Segment Start: Provided data

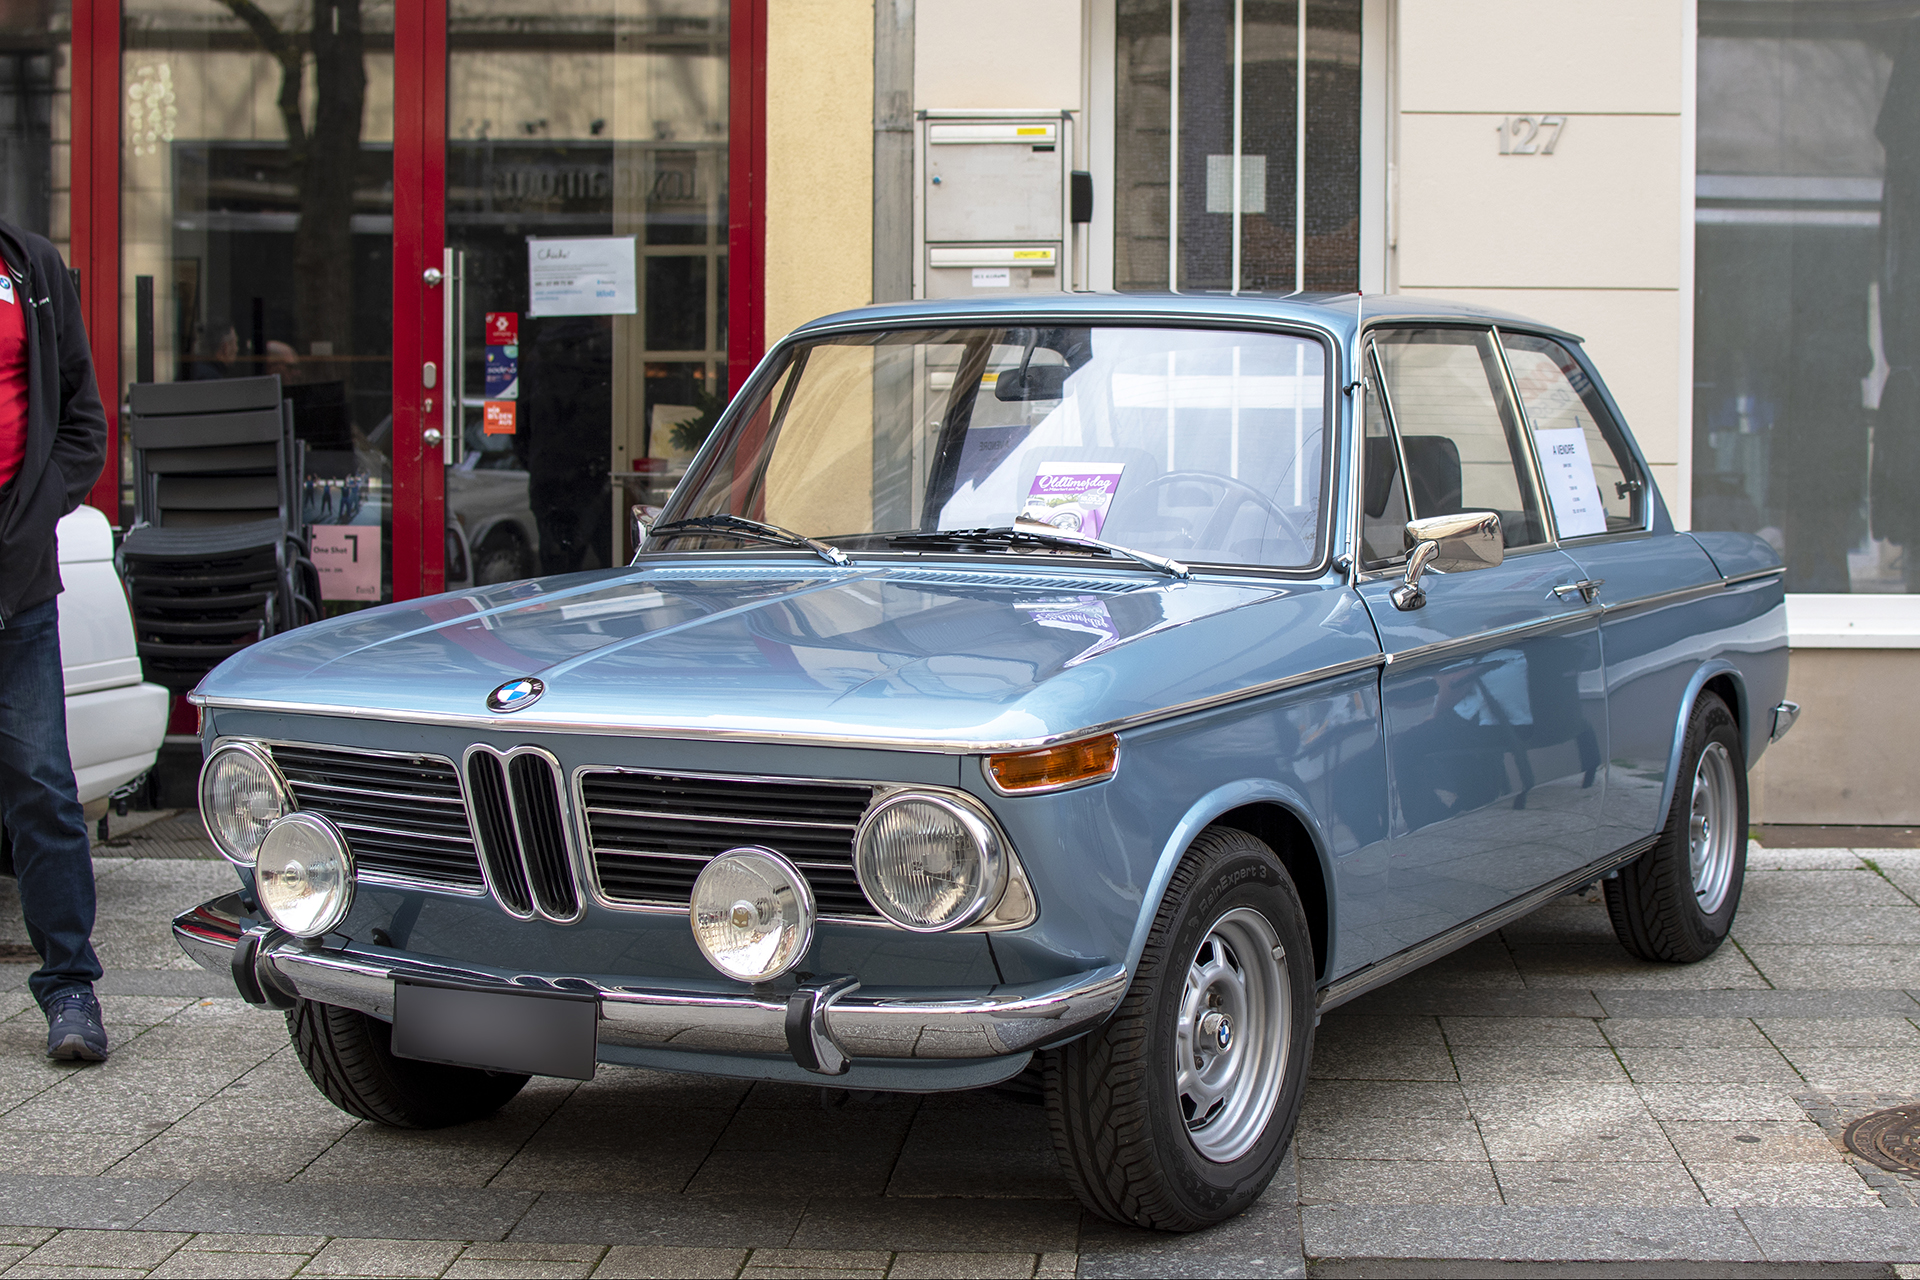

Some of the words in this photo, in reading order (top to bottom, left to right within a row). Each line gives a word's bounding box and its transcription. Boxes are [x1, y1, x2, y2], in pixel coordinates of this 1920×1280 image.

[1496, 116, 1567, 155] 127
[1557, 443, 1575, 455] VENDRE
[1038, 474, 1112, 494] Oldtimerdag
[313, 546, 328, 554] One
[330, 546, 347, 555] Shot
[1198, 865, 1257, 915] RainExpert
[1259, 865, 1267, 879] 3
[1236, 1187, 1254, 1201] TYRE
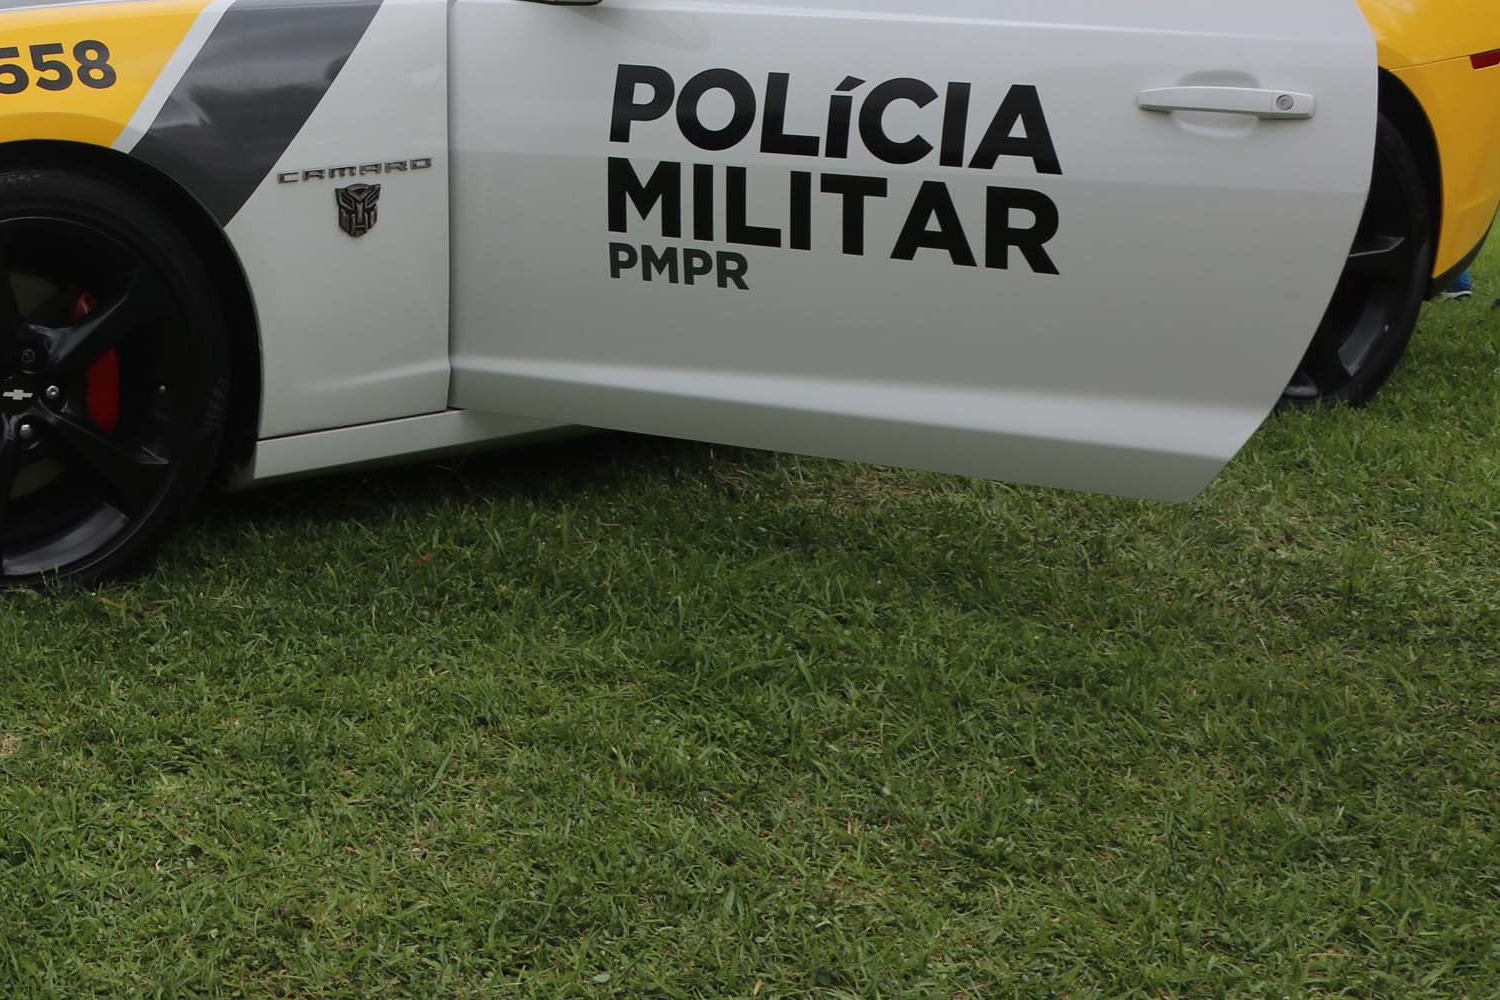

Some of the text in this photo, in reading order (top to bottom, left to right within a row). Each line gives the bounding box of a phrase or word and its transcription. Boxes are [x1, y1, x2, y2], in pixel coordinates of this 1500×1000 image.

[609, 63, 1063, 175] POLÍCIA
[276, 157, 433, 185] CAMARO
[607, 156, 1061, 276] MILITAR
[608, 242, 750, 291] PMPR
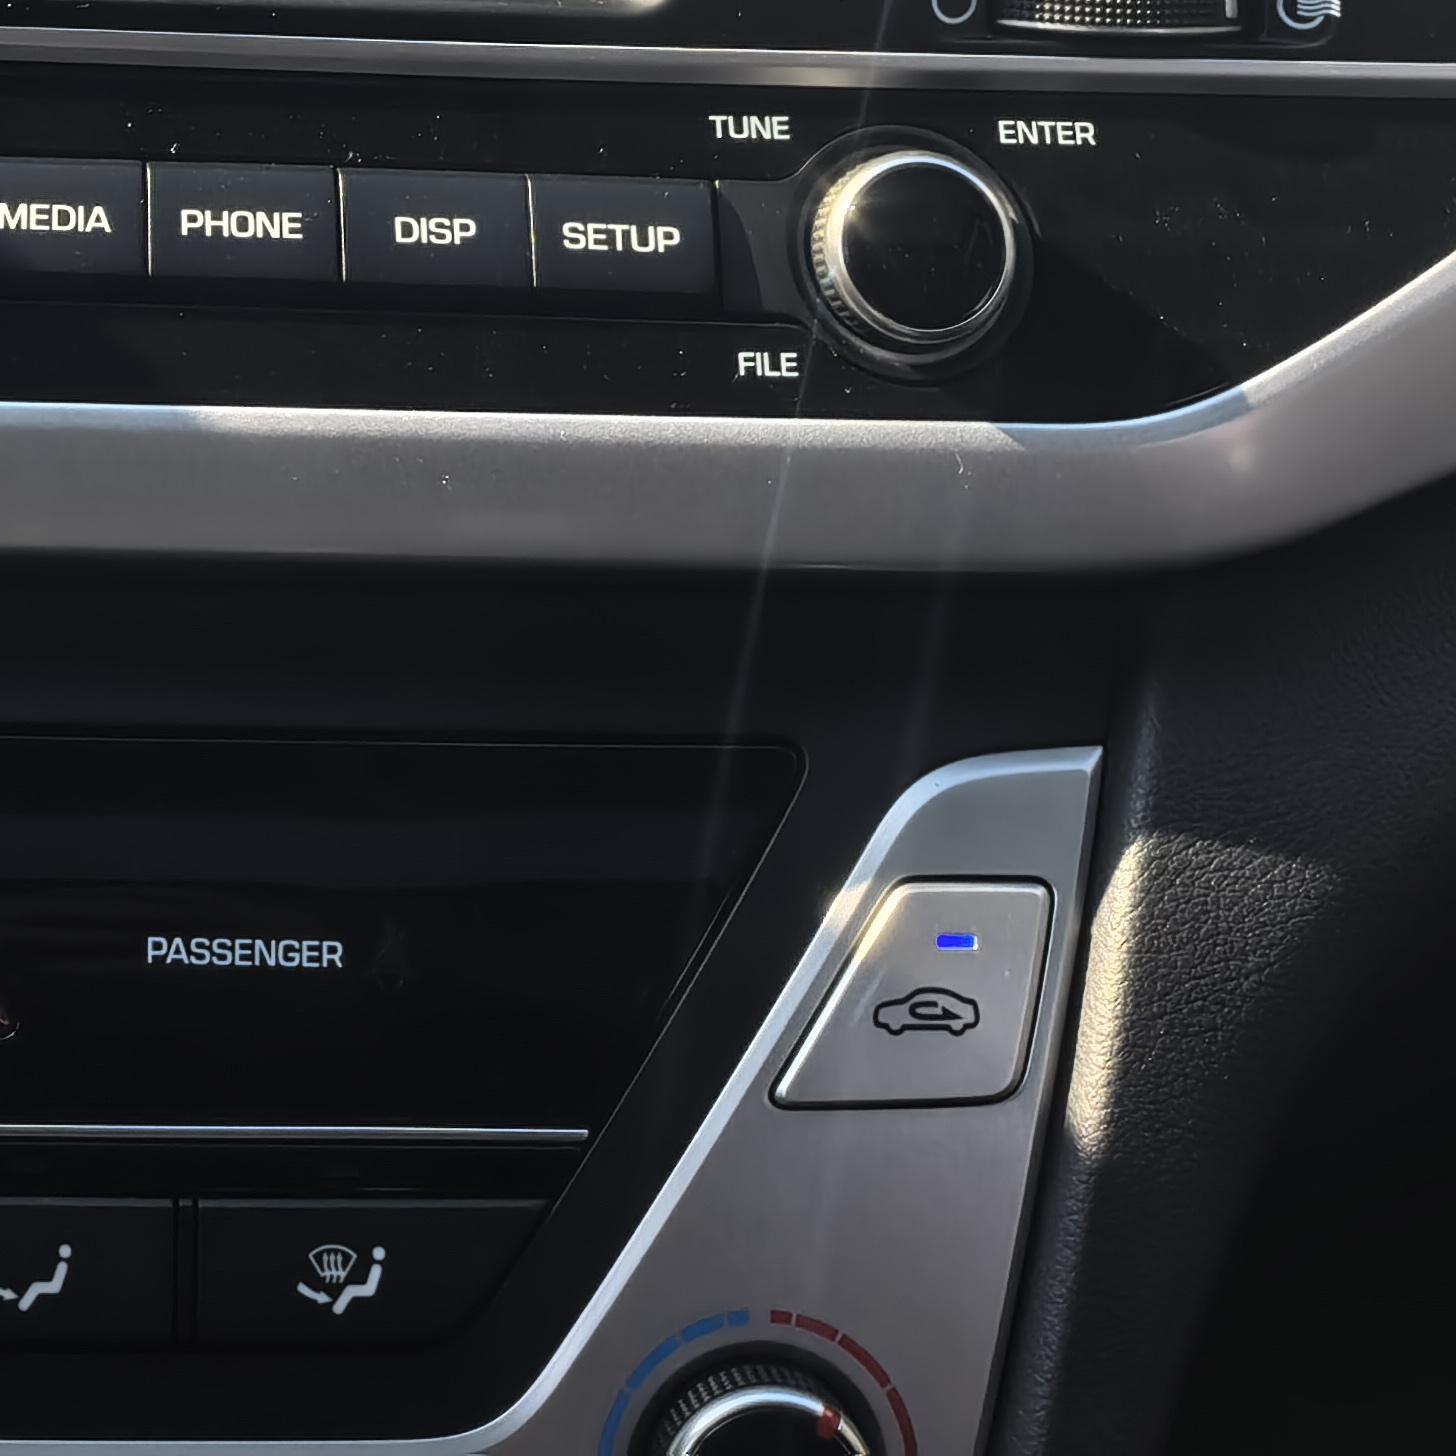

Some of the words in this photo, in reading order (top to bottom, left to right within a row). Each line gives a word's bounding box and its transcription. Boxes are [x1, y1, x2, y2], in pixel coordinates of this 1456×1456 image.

[707, 114, 792, 142] TUNE
[996, 118, 1098, 147] ENTER
[179, 207, 305, 241] PHONE
[393, 215, 478, 246] DISP
[561, 220, 682, 254] SETUP
[736, 350, 800, 379] FILE
[146, 935, 344, 970] PASSENGER

Segment End: Provided data

▶ _Requirement_
Exact repetition of all the records is required, with the pictures excluded.

▶ _Answer section_
Some of the words in this photo, in reading order (top to bottom, left to right within a row). Each line gives a word's bounding box and its transcription. Boxes are [x1, y1, x2, y2], in pixel coordinates of this 1920×1280 image.

[1496, 116, 1567, 155] 127
[1557, 443, 1575, 455] VENDRE
[1038, 474, 1112, 494] Oldtimerdag
[313, 546, 328, 554] One
[330, 546, 347, 555] Shot
[1198, 865, 1257, 915] RainExpert
[1259, 865, 1267, 879] 3
[1236, 1187, 1254, 1201] TYRE

Some of the text in this photo, in reading order (top to bottom, left to right within a row). Each line gives the bounding box of a phrase or word and its transcription. Boxes are [x1, y1, x2, y2], in pixel coordinates of this 1500×1000 image.

[609, 63, 1063, 175] POLÍCIA
[276, 157, 433, 185] CAMARO
[607, 156, 1061, 276] MILITAR
[608, 242, 750, 291] PMPR

Some of the words in this photo, in reading order (top to bottom, left to right within a row). Each line gives a word's bounding box and its transcription. Boxes are [x1, y1, x2, y2], in pixel coordinates of this 1456×1456 image.

[707, 114, 792, 142] TUNE
[996, 118, 1098, 147] ENTER
[179, 207, 305, 241] PHONE
[393, 215, 478, 246] DISP
[561, 220, 682, 254] SETUP
[736, 350, 800, 379] FILE
[146, 935, 344, 970] PASSENGER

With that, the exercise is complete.